Data for analysis below:

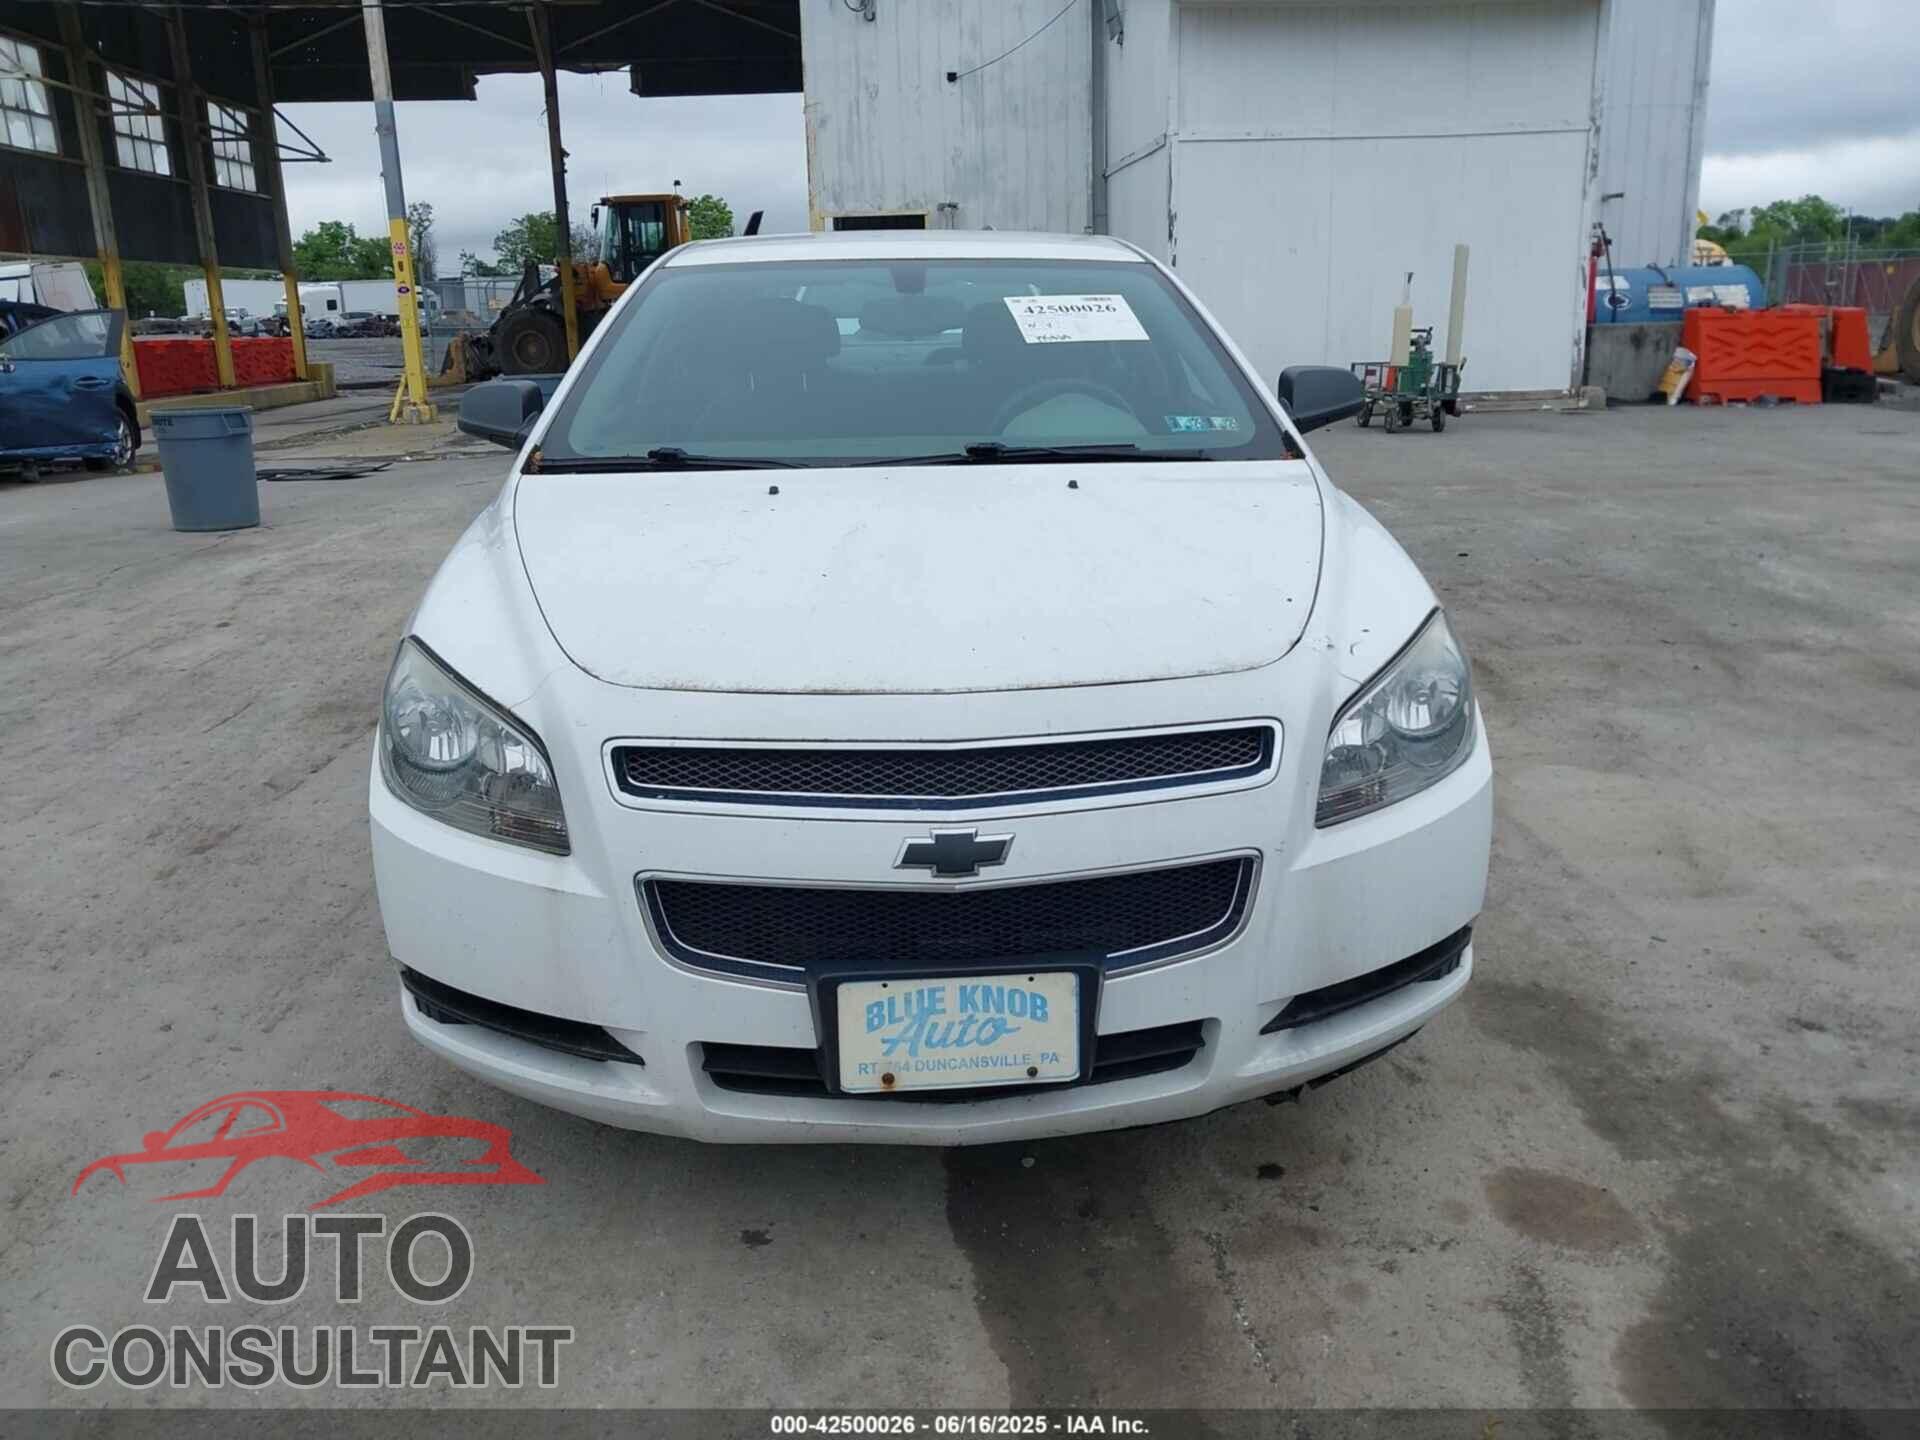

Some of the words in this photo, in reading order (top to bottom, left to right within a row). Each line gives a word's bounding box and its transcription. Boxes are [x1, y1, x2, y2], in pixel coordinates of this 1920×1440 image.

[1024, 303, 1118, 314] 42500026
[865, 987, 946, 1033] BLUE
[959, 984, 1049, 1023] KNOB
[881, 1007, 1021, 1057] Auto
[858, 1062, 879, 1076] RT
[915, 1053, 1031, 1073] DUNCANSVILLE
[1040, 1051, 1060, 1065] PA

End of Data for analysis.

— Task instructions —
Please give back all the records above word for word, with no pictures included.

— Solution —
Some of the words in this photo, in reading order (top to bottom, left to right within a row). Each line gives a word's bounding box and its transcription. Boxes are [x1, y1, x2, y2], in pixel coordinates of this 1920×1440 image.

[1024, 303, 1118, 314] 42500026
[865, 987, 946, 1033] BLUE
[959, 984, 1049, 1023] KNOB
[881, 1007, 1021, 1057] Auto
[858, 1062, 879, 1076] RT
[915, 1053, 1031, 1073] DUNCANSVILLE
[1040, 1051, 1060, 1065] PA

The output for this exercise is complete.